FDA cracks down on online advertising of compounded GLP-1 drugs

As part of HHS's effort to combat deceptive advertising, the FDA has launched its first nationwide enforcement action against digital health providers that promote illegally compounded versions of popular GLP-1 weight-loss drugs online.

On Tuesday, the agency posted more than 50 warning letters sent to various wellness clinics and telehealth platforms, including Hims & Hers Health, citing the "unlawful sale of unapproved and misbranded drugs to United States consumers over the internet."

The letters were issued by the Center for Drug Evaluation and Research and signed by the division's director, George Tidmarsh, M.D., Ph.D., on Sept. 9, 2025.

This move, a first for the agency, signals it is prepared to directly regulate online telehealth platforms that have previously claimed exemption from standard FDA drug advertising requirements.

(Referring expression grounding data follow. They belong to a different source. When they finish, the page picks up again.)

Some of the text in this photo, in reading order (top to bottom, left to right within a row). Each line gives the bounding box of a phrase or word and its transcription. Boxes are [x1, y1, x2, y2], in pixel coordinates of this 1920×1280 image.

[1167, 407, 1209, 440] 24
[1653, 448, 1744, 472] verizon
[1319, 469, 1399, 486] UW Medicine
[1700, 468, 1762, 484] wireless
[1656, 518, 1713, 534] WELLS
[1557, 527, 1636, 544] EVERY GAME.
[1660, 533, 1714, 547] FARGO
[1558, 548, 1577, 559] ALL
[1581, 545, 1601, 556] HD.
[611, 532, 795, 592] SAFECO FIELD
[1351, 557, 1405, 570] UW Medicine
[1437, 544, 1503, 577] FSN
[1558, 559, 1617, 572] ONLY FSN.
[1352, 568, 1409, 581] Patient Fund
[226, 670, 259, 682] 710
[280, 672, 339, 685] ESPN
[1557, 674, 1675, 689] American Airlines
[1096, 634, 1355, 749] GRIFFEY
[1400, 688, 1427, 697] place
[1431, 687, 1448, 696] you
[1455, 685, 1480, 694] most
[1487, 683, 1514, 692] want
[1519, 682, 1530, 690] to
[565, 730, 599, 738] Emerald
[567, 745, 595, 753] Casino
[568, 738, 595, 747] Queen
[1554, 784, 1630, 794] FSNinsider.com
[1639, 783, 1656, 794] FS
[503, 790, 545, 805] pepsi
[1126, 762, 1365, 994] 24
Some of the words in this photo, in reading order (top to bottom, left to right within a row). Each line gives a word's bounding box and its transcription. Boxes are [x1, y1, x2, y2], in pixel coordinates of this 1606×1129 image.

The warning letters flag companies' claims that compounded versions of GLP-1 drugs like semaglutide and tirzepatide are comparable to FDA-approved brands (Wegovy, Ozempic, Mounjaro, Zepbound), despite lacking FDA review or approval.

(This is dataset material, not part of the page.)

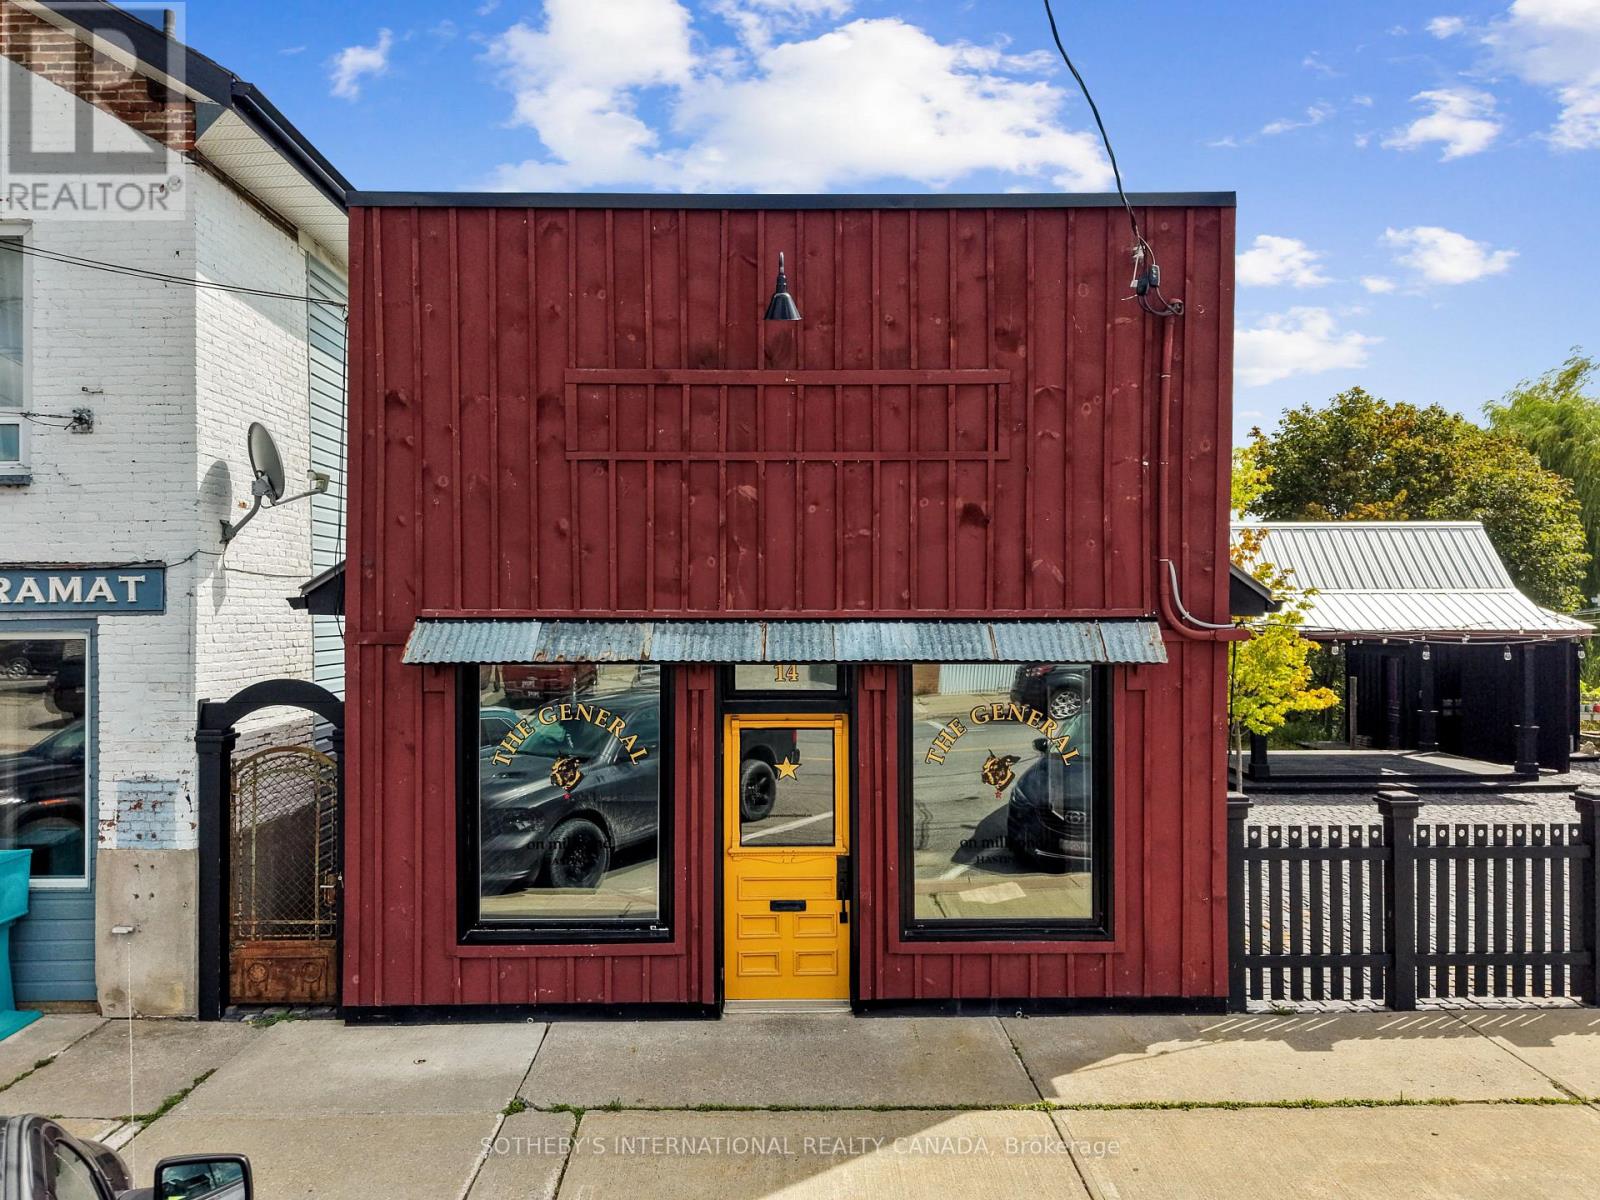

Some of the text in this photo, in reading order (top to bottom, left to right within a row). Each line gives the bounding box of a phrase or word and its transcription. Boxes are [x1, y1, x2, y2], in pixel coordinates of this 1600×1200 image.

[774, 664, 799, 682] 14
[491, 703, 649, 767] THE GENERAL
[925, 702, 1080, 766] THE GENERAL
[960, 839, 977, 849] on

Drugs are considered misbranded under section 502(a) of the Federal Food, Drug and Cosmetic Act (FDCA) [21 U.S.C. § 352(a)] if "their labeling is false or misleading in any particular," and compounded drugs similarly fall under section 502(bb) [21 U.S.C. § 352(bb)] when "their advertising or promotion is false or misleading in any particular," the letters say.

Current FDA policy allows compounding only for patient-specific prescriptions or drugs on the national shortage list, in accordance with Sections 503A and 503B of the FDCA [21 U.S.C. §§ 353a, 353b].

While tirzepatide and semaglutide were added to the shortage list in 2022, compounders were instructed to wind down the temporary compounding allowances earlier this year.

However, many telehealth providers that have developed new revenue streams due to the rising demand for GLP-1 drugs have continued to sell mass-produced compounded formulations under the guise of personalization.

To comply, the companies under scrutiny must immediately stop suggesting that their compounded GLP-1 products are FDA-approved or have the same level of review as the branded versions.

All promotional materials must also accurately reflect the unapproved status of these products.

The FDA requires a written response within 15 working days that details the steps taken to remedy violations and prevent recurrence, including all relevant supporting documents.

"Failure to adequately address any violations may result in legal action without further notice, including, without limitation, seizure and injunction," the letters warn.

Alivia Kaylor is a scientist and the senior site editor of Pharma Life Sciences.